Intuit will release a trio of web-hosted CRM applications that will complement its QuickBooks Enterprise accounting software and compete against Salesforce.com, Netsuite and others.

Available in a month, the three applications include one that is mobile-enabled for field service representatives, another for warehouse management, and a third beta application for sales force automation that helps salespeople manage customer leads, said Angus Thomson, vice president and general manager of Intuit's mid-market group, in an interview.

The three software as a service applications are part of its Intuit Enterprise Suite, which Intuit showed at a QuickBooks Enterprise user conference in Dallas.

Thomson declined to release the price for the apps, though he promised that "compared to other solutions, we should be between one-third to one-tenth the price when you consider total cost of ownership."

He also said Intuit "intends to solve many more jobs" by adding more components to the Enterprise Suite.

China Martens, an analyst at The 451 Group , said Intuit's latest move into on-demand software is "all about holding on to existing customers and migrating them up the curve."

"Like Sage [Software, maker of Peachtree], Intuit has done very well at attracting large numbers of users at the low end," she wrote in an e-mail. "The question is whether they can retain them as those companies grow in size and their software needs expand."
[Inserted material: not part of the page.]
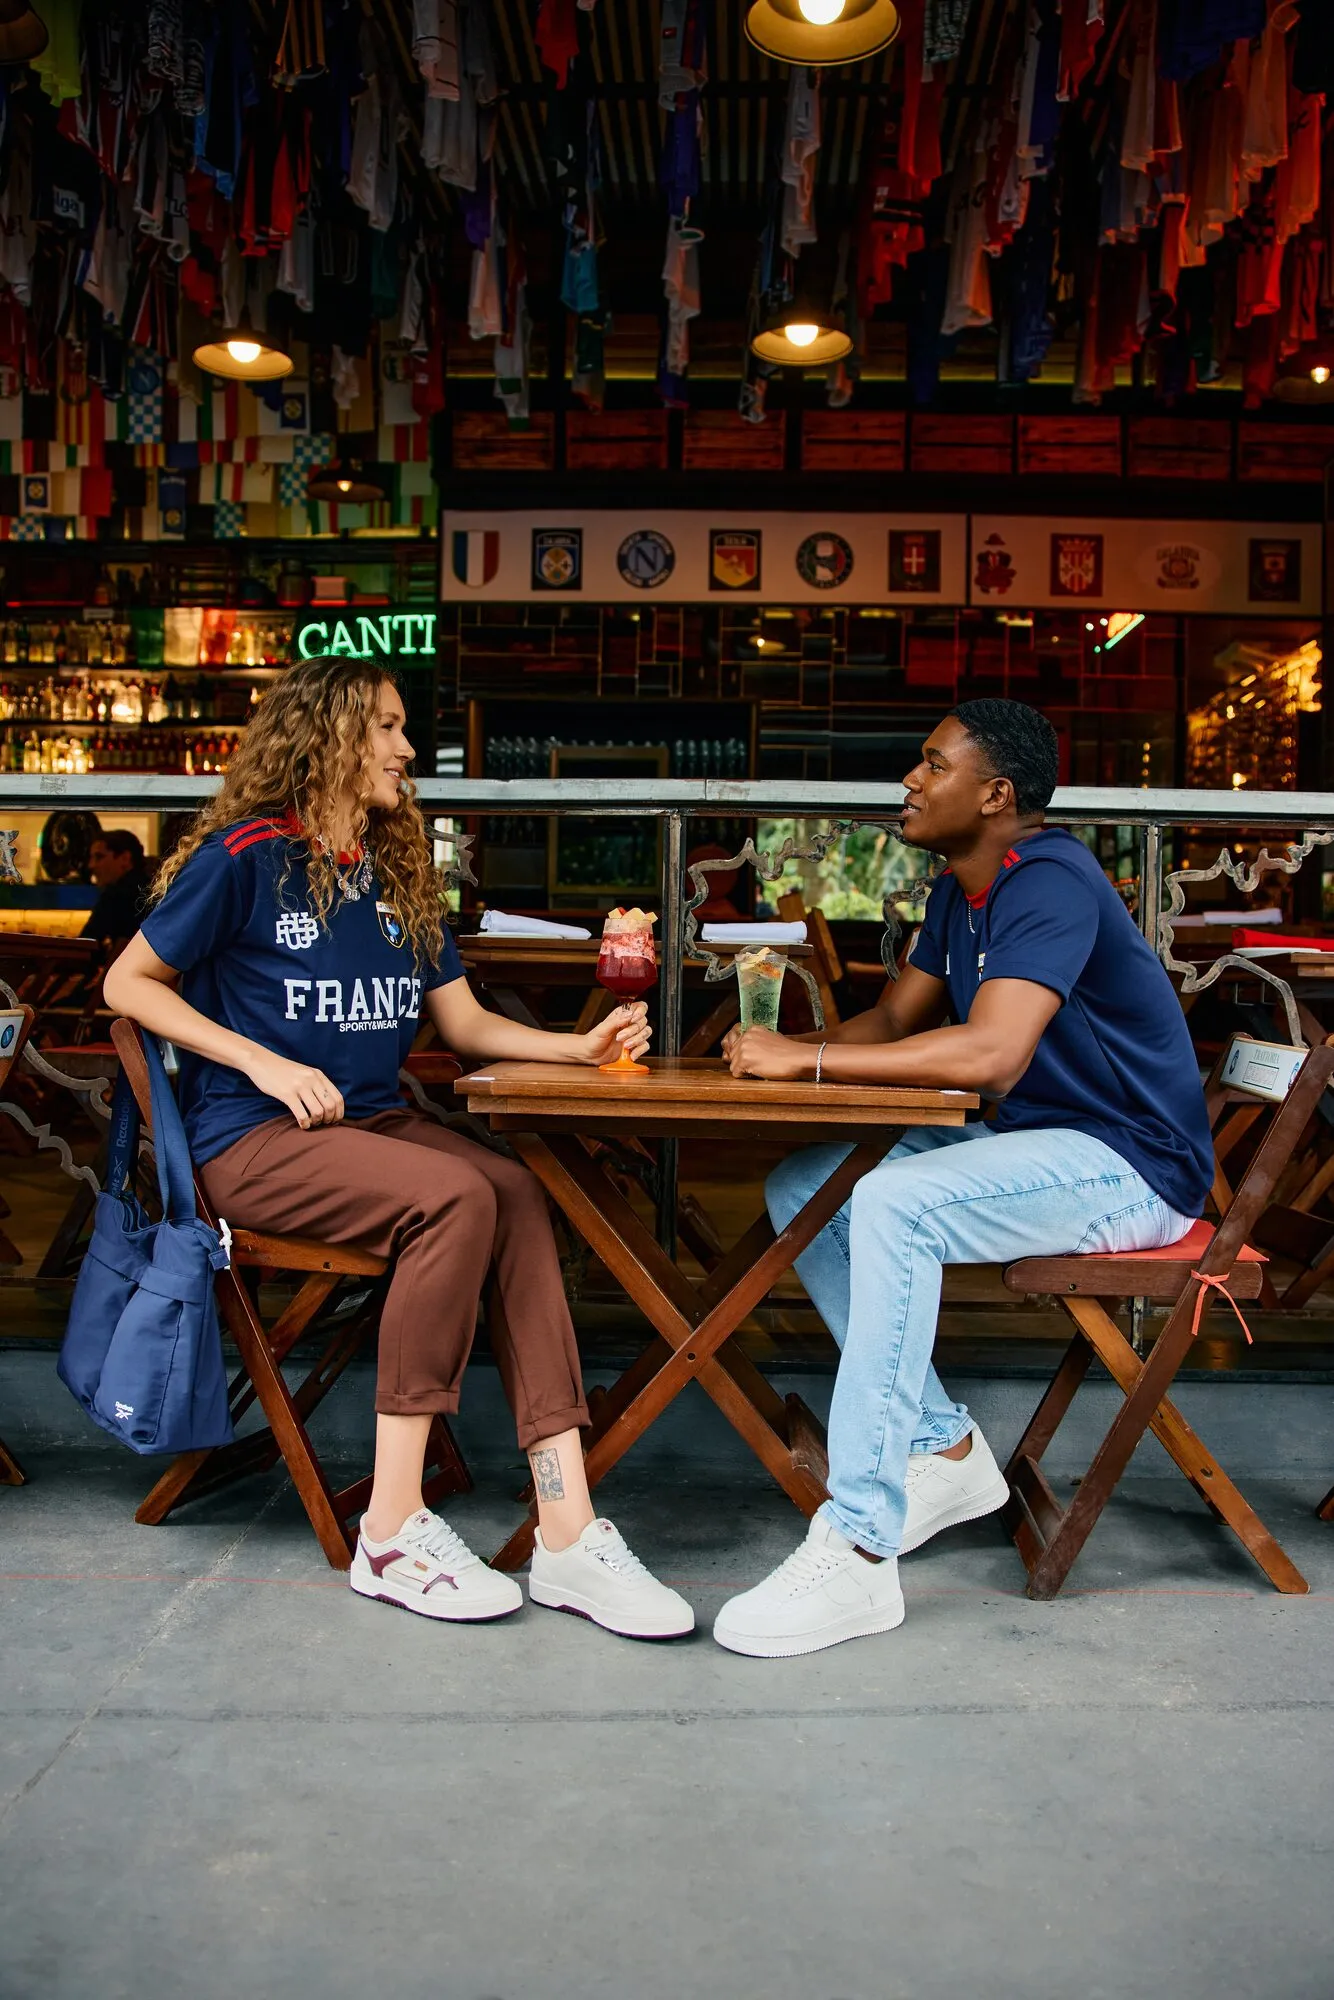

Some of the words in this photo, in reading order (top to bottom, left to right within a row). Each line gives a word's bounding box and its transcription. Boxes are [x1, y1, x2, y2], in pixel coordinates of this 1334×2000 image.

Martens said NetSuite and Microsoft have both aggressively targeted QuickBooks' user base, which, according to Intuit, includes 4 million QuickBooks Pro and Premier users at 280,000 small businesses as well as the 57,000 companies using QuickBooks Enterprise.

By comparison, Salesforce.com claims 48,000 customer firms and NetSuite, 6,000, according to Martens.

"Our customer base is an order of magnitude larger," Thomson said.

Martens said Intuit's new apps could run the risk of competing with partners that had already built line-of-business apps leveraging QuickBooks Enterprise, for which Intuit also released version 9.0 Thursday.

The most important new feature in the on-premise software is the ability to handle multiple currencies in real time, which 40 percent of QuickBooks Enterprise customers had indicated a need for, Thomson said.